In realtà, l'università è diventata una vasta, costosa e complessa organizzazione, che richiede di essere ‛gestita' quanto qualsiasi altra organizzazione di scala analoga. La scienza e la tecnologia in primo luogo hanno immensamente esteso i servizi dell'università. Ci sono ancora aule, sale per conferenze, uffici e biblioteche, ma questi elementi sono pressoché soverchiati da installazioni e laboratori tecnologici, come anche da istituti per la ricerca specializzata e sperimentale. La tipica università dei nostri giorni consiste in una vasta serie di edifici, che possono essere raggruppati o ampiamente dispersi (o in parte raggruppati e in parte dispersi) e nella concentrazione crescente di attrezzature di sempre maggiore complessità; provvede direttamente, o appoggiandosi a servizi esterni, ad alloggiare e a nutrire le sue legioni di studenti; richiede infine personale e un'amministrazione finanziaria per fronteggiare i problemi posti dalle dimensioni e dalle spese.

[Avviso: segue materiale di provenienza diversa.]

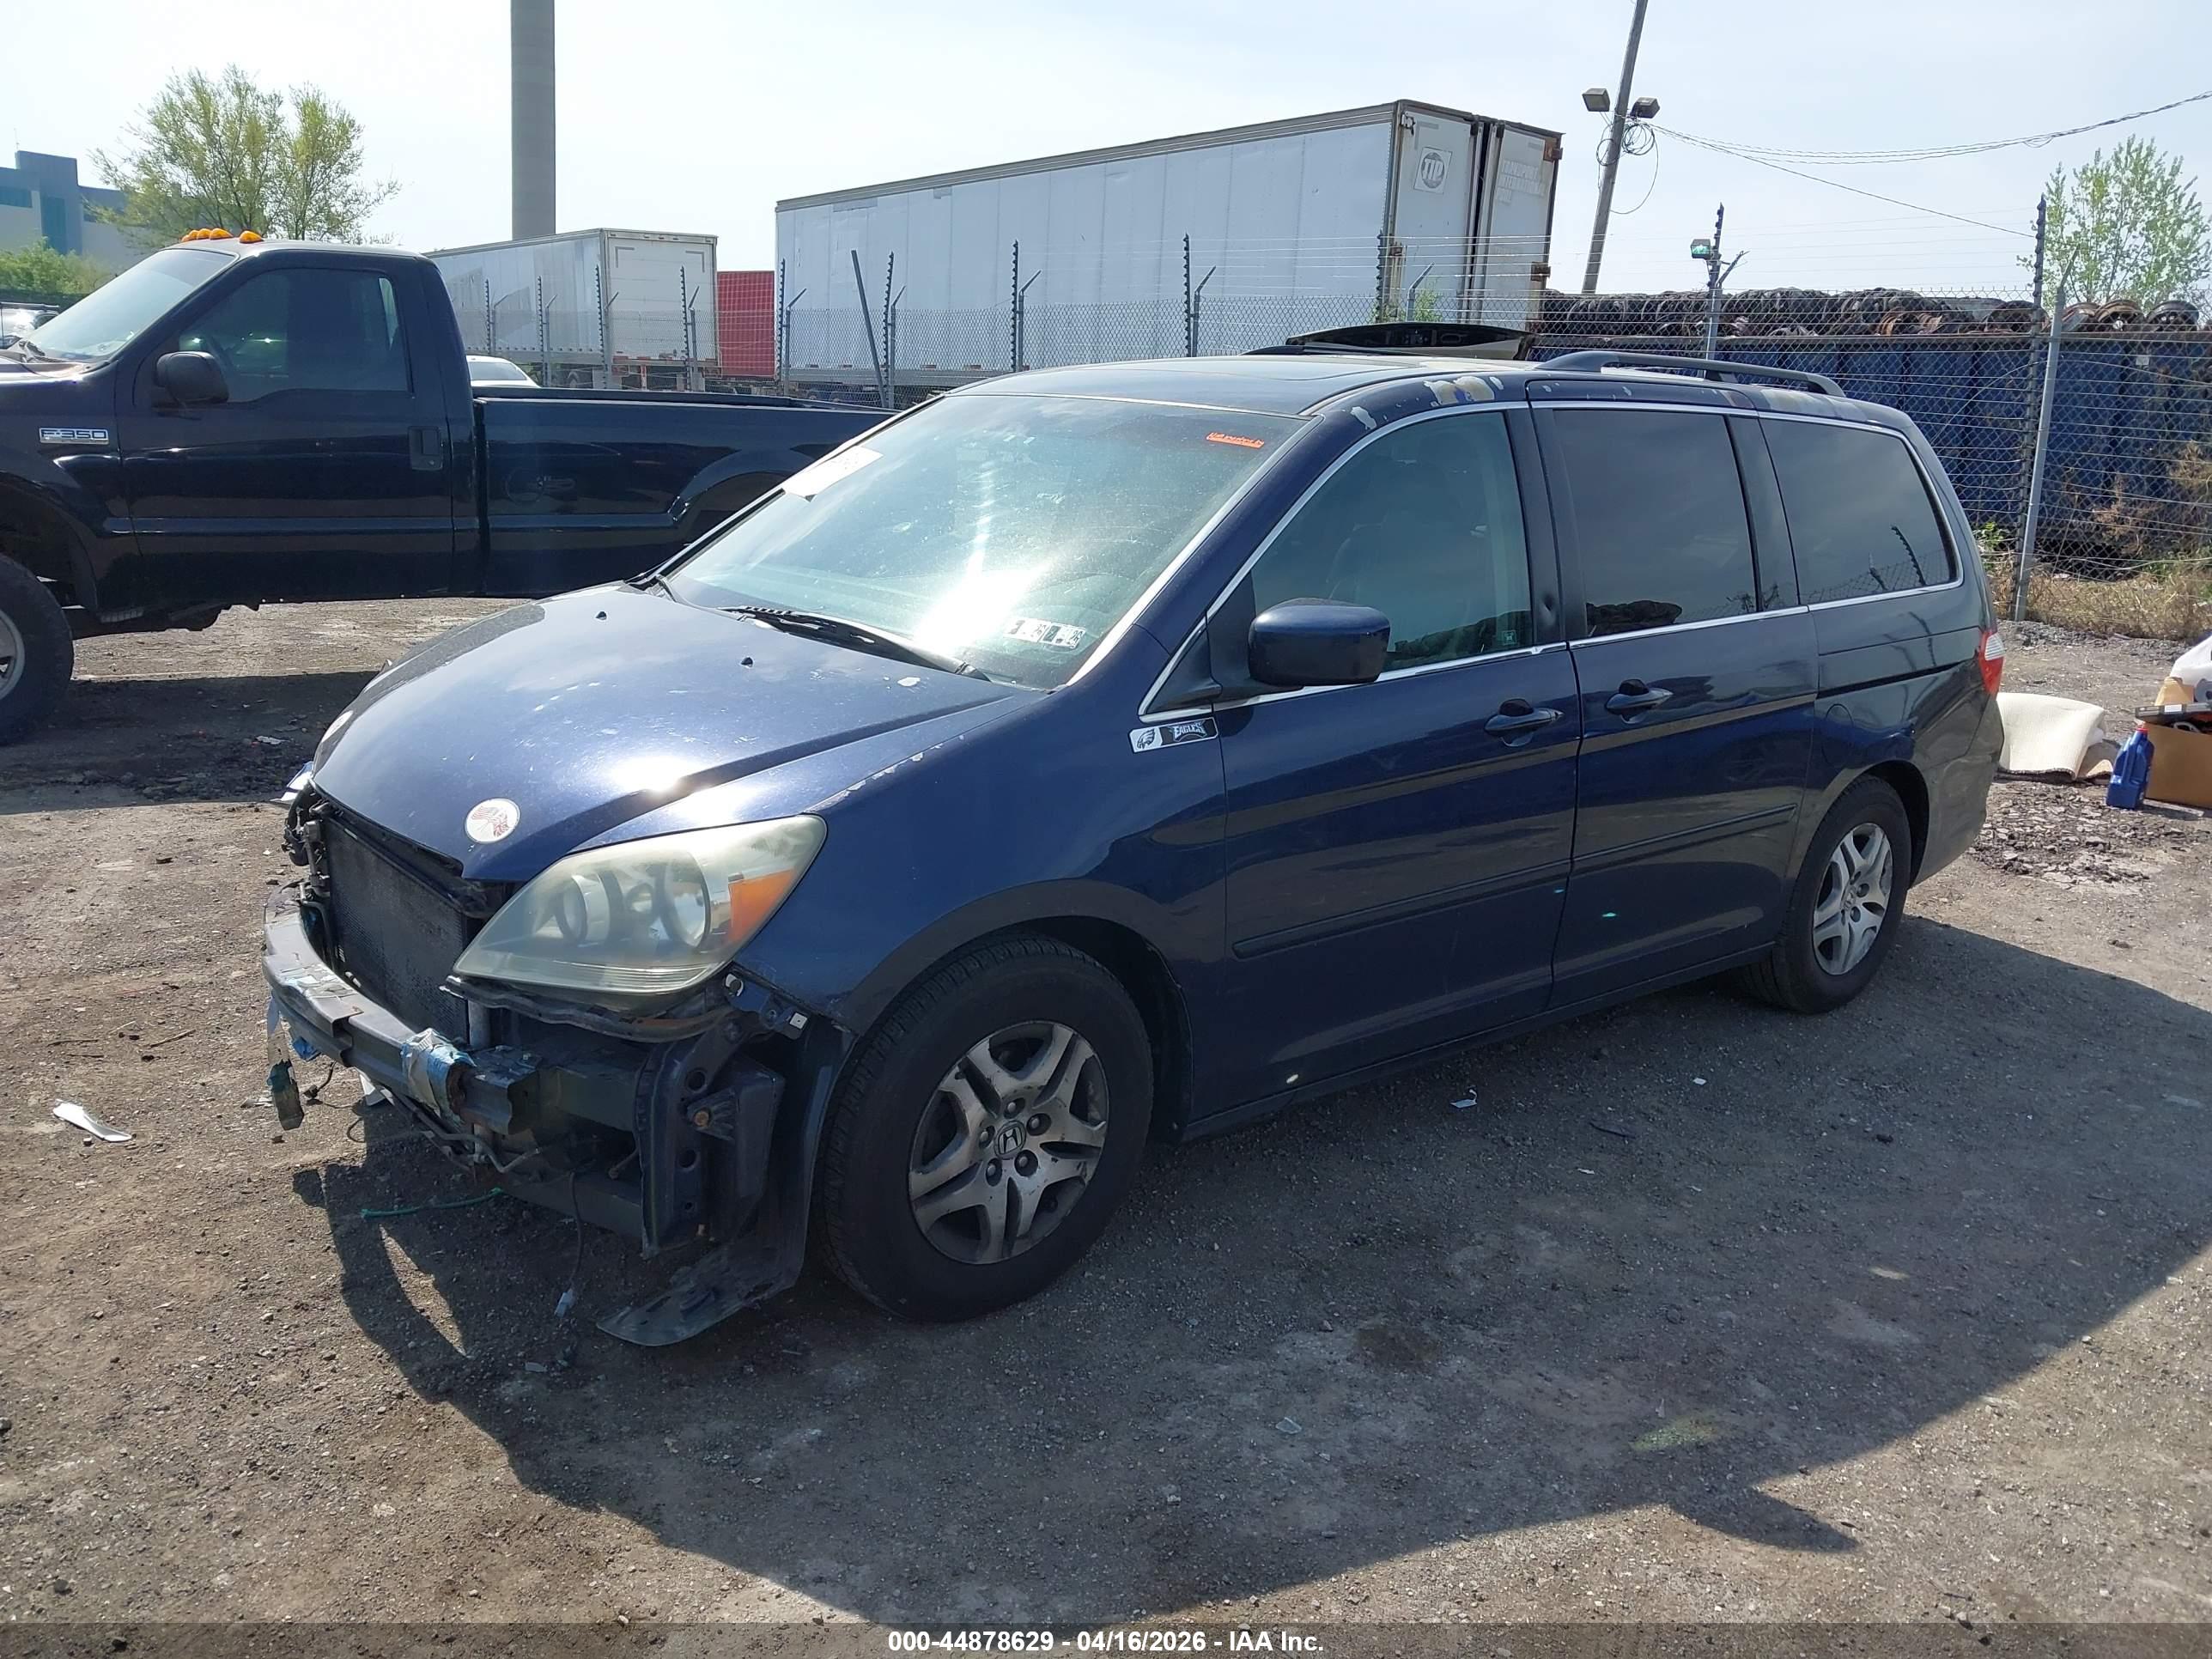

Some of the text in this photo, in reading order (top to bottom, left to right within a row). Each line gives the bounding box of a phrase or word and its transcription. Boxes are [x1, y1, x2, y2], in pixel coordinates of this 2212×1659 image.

Che la gestione di quest'organizzazione sia assicurata all'interno dell'organizzazione stessa - com'è per lo più il caso delle università nordamericane - o sia invece assicurata, per conto dell'università, dallo Stato (com'è spesso il caso nel resto del mondo), una burocrazia è stata comunque creata a questo scopo e sbriga di fatto la gestione degli affari correnti. Una gestione centralizzata, tuttavia, rimane in larga misura assente nell'università odierna. Se l'università non è più un'associazione su basi collegiali, è però certo che la sua evoluzione non è sfociata in un'organizzazione coerente e integrata. L'università dei nostri giorni è invece un'accolta diversificata di organizzazioni distinte, tutte sussunte sotto l'etichetta di università, ma che assai di rado, se pure accade, funzionano in modo coordinato. Il pubblico concepisce l'università come un insieme, come un entità vasta e complessa bensì, ma unitaria. Un'entità siffatta è invece difficilmente ravvisabile all'interno dell'università, salvo che come semplice giustapposizione di tutte le svariate parti, inclusa quella con la quale s'identifica un particolare docente, un particolare membro dello staff amministrativo o un particolare studente.

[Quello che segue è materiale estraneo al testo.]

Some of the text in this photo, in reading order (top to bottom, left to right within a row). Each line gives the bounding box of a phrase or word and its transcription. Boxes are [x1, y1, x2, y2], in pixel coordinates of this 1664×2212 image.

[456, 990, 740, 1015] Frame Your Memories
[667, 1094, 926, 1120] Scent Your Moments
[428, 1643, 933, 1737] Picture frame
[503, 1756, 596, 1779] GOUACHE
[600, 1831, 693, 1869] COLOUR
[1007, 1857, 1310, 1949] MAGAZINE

Forse, la chiave che permette la comprensione della struttura organizzativa dell'università di oggi sta nel modo in cui vengono procurati i fondi. Per cominciare, è ovvio che le università non producono da sé le loro risorse finanziarie. Le fonti di finanziamento sono sempre esterne, sia che derivino dallo Stato sia da privati o da tasse pagate dagli studenti. Ora, quasi mai i fondi pervengono all'università nel suo insieme. In nessuna università del mondo ci sono somme importanti di denaro che siano liberamente allocabili all'interno dell'università stessa. I fondi sono invece ricevuti a sostegno di attività o programmi specifici, che o già esistono o debbono essere avviati appunto con i finanziamenti in questione. Le entrate e le spese di una università sono dunque riducibili alle entrate e alle spese delle sue facoltà, dei suoi istituti, centri, programmi e altre attività, ognuno dei quali richiede, riceve e spende i suoi fondi. Se si sommano insieme tutti i fondi, si può sì parlare di bilancio annuale globale dell'università, ma sarebbe un'illusione credere che un siffatto bilancio aggregato potrebbe essere ristrutturato in misura significativa dall'università (e all'interno di essa). È dunque non soltanto possibile ma probabile che alcune componenti dell'università ricevano un sostegno finanziario superiore alla media, mentre altre rimangono drammaticamente a corto di fondi. Ora, quasi mai ci sono nell'università fondi ‛liberi' per appianare questi squilibri; né è in genere possibile togliere alle componenti ricche per dare a quelle meno ricche. È naturalmente possibile richiedere e ricercare un maggior finanziamento per attività auspicabili, ma debolmente sostenute; chiedere non vuol dire però ottenere e gli squilibri finanziari tra le varie componenti di un'università sono la norma piuttosto che l'eccezione.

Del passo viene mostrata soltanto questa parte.